Namun, reflexivity juga membawa risiko dan bahaya yang signifikan. Giddens mengingatkan bahwa perkembangan daya pikir dan inovasi teknologi yang luar biasa bisa membawa dampak negatif yang tidak terduga. Misalnya, kemajuan teknologi informasi yang pesat telah menciptakan berbagai model komunikasi yang canggih, tetapi juga memunculkan masalah seperti privasi dan keamanan data. Demikian pula, kemajuan di bidang medis dan bioteknologi, meskipun membawa banyak manfaat, juga menimbulkan dilema etis yang kompleks.

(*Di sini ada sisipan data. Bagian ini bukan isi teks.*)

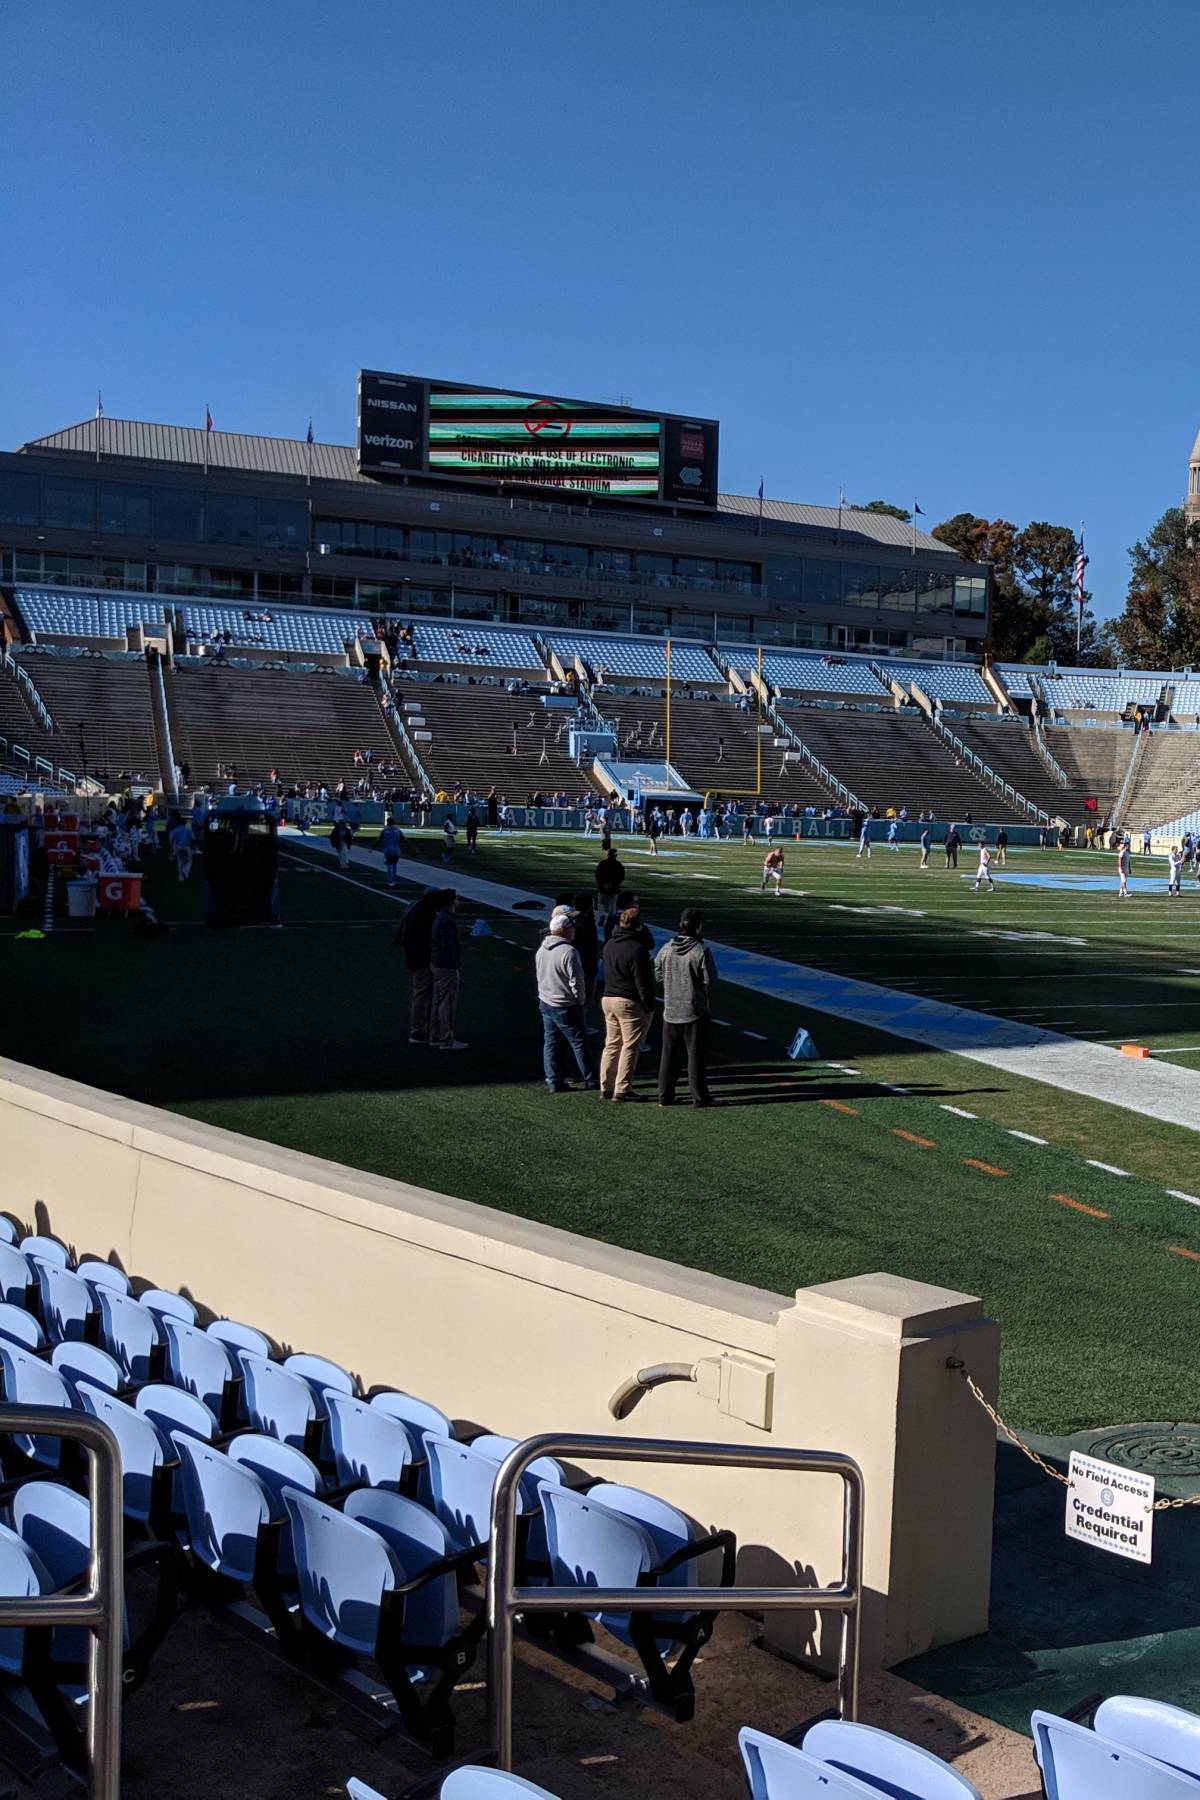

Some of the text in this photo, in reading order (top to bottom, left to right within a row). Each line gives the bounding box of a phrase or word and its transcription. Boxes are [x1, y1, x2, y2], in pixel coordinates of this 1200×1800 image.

[367, 398, 417, 413] NISSAN
[364, 434, 414, 450] verizon
[461, 449, 518, 468] CIGARETTES
[521, 457, 530, 469] IS
[547, 447, 563, 459] USE
[580, 449, 634, 469] ELECTRONIC
[569, 477, 611, 492] STADIUM
[506, 808, 625, 830] AROLIA
[105, 881, 123, 900] G
[1072, 1464, 1084, 1477] No
[1085, 1469, 1110, 1486] Field
[1110, 1478, 1149, 1499] Access
[1072, 1497, 1144, 1533] Credential
[1076, 1514, 1138, 1547] Required

Dalam wawancaranya bersama media, Dr. Drs. I Nyoman Subanda, M.Si selaku dosen di Universitas Pendidikan Nasional dan juga seorang pengamat sosial dan politik, menyoroti pentingnya “membangun kesadaran” sebagai cara untuk menghadapi tantangan yang dibawa oleh reflexivity. Beliau memberikan contoh tentang bagaimana pendidikan dapat membentuk kesadaran sosial dan etika pada siswa-siswa yang awalnya kurang beruntung. Dr. Subanda mencatat bahwa kesadaran dapat dibangun melalui pendidikan yang tidak hanya fokus pada pengetahuan akademik tetapi juga pada nilai-nilai moral dan sosial.
“Untuk mengurangi resiko reflexivity ini, Giddens memberikan saran agar manusia modern bijak menghadapi berkembangnya reflexivity. Giddens dengan tegas mengatakan bahwa reflexivity yang berkembang pada setiap manusia yang ada harus dihentikan dengan tradisi. Ternyata tradisi yang dimaksudnya Giddens adalah seperangkat aturan baik yang formal maupun informal dan bisa juga merupakan kesepakatan bersama di masyarakat.” papar Dr. Drs. I Nyoman Subanda, M.Si.

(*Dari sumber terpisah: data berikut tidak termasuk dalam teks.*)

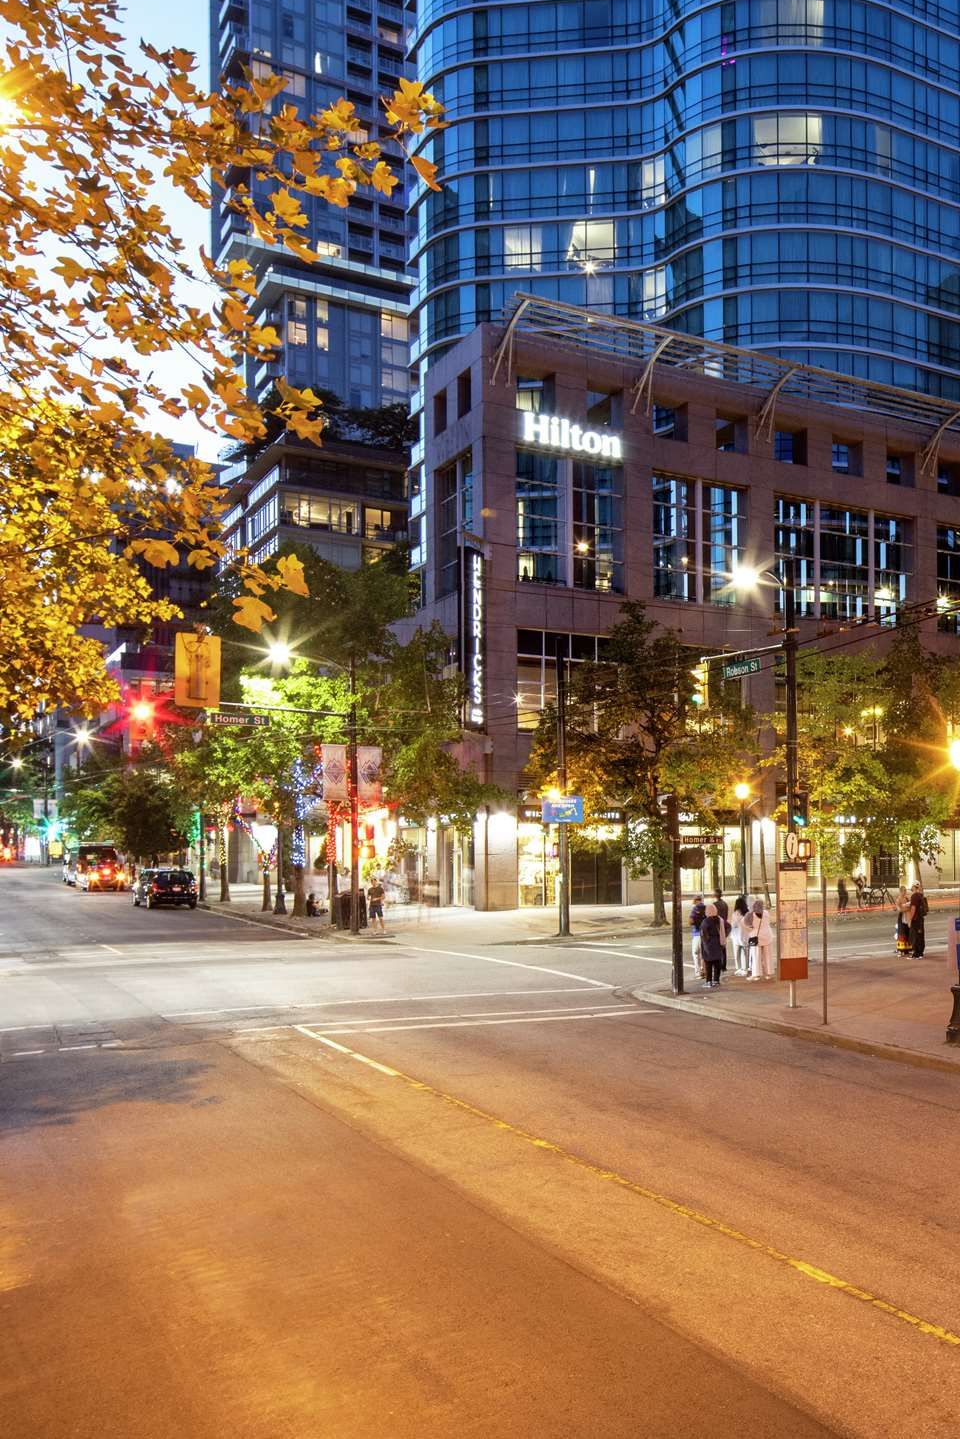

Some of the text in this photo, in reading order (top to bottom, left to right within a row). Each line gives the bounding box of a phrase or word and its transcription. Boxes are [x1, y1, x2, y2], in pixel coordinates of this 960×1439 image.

[523, 411, 622, 458] Hilton
[472, 554, 483, 704] HENDRICKS
[726, 661, 758, 677] Robson St
[215, 714, 265, 725] Homer St
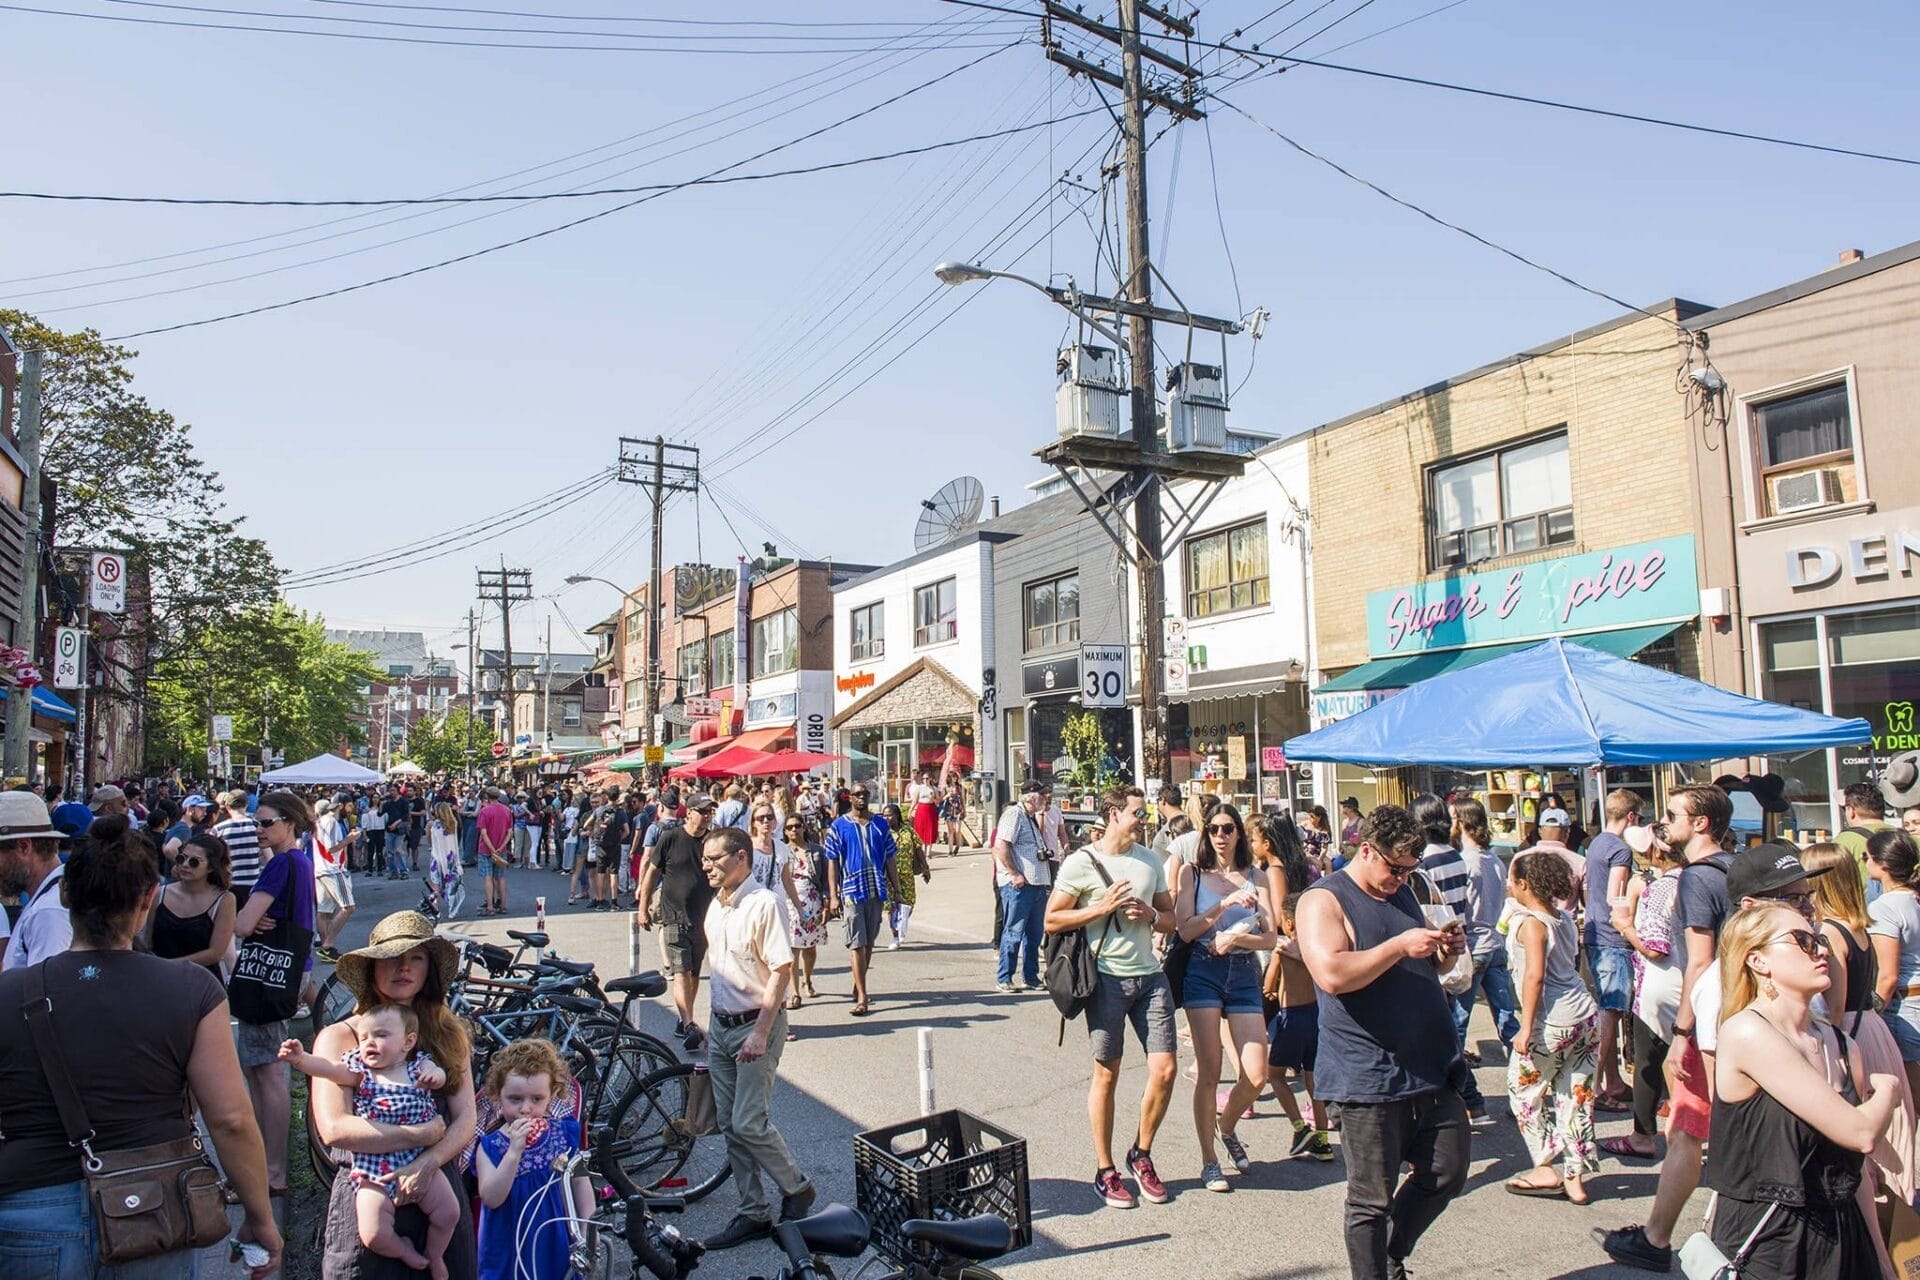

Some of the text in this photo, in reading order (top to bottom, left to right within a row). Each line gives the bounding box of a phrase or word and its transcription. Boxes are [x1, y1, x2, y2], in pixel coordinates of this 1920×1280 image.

[96, 583, 120, 593] LOADING
[101, 592, 115, 600] ONLY
[1385, 589, 1486, 650] Sugar
[1085, 652, 1122, 662] MAXIMUM
[1086, 671, 1121, 698] 30
[1887, 734, 1920, 750] DEN
[269, 969, 287, 984] CO.

Dalam konteks pendidikan tinggi, membangun kesadaran ini bisa diwujudkan melalui integrasi kearifan lokal dan nilai-nilai budaya dalam kurikulum. Mengajarkan mahasiswa tentang pentingnya etika, tanggung jawab sosial, dan kearifan lokal dapat membantu mereka menggunakan kemampuan reflexivity mereka dengan cara yang positif dan konstruktif. Tradisi dan kearifan lokal dapat menjadi penyeimbang terhadap bahaya dan risiko yang ditimbulkan oleh perkembangan teknologi dan inovasi.
Indonesia, dengan kekayaan kearifan lokalnya, memiliki potensi besar untuk memanfaatkan reflexivity secara positif. Pendidikan tinggi di Indonesia bisa menjadi contoh bagaimana reflexivity bisa diarahkan untuk meningkatkan martabat dan memperkuat interaksi sosial. Dengan mengintegrasikan kearifan lokal ke dalam pendidikan, Indonesia tidak hanya dapat mengejar kemajuan teknologi tetapi juga menjaga keseimbangan sosial dan moral.
Giddens menegaskan bahwa reflexivity yang dikembangkan dengan bijaksana dapat menjadi kekuatan yang luar biasa. Pendidikan tinggi memiliki peran penting dalam membentuk individu yang mampu berpikir kritis dan reflektif, serta memiliki kesadaran sosial yang tinggi. Dengan demikian, reflexivity bukan hanya tentang kemampuan berpikir dan berinovasi, tetapi juga tentang tanggung jawab untuk menggunakan kemampuan tersebut demi kebaikan bersama.
Konsep reflexivity dari Anthony Giddens menunjukkan bagaimana kemampuan berpikir manusia berkembang seiring dengan kemajuan zaman. Namun, kemajuan ini juga membawa risiko yang harus dihadapi dengan bijak. Dalam konteks pendidikan tinggi, membangun kesadaran melalui integrasi nilai-nilai moral dan kearifan lokal menjadi sangat penting. Dengan demikian, reflexivity dapat diarahkan untuk menciptakan masyarakat yang tidak hanya cerdas tetapi juga beretika dan bertanggung jawab.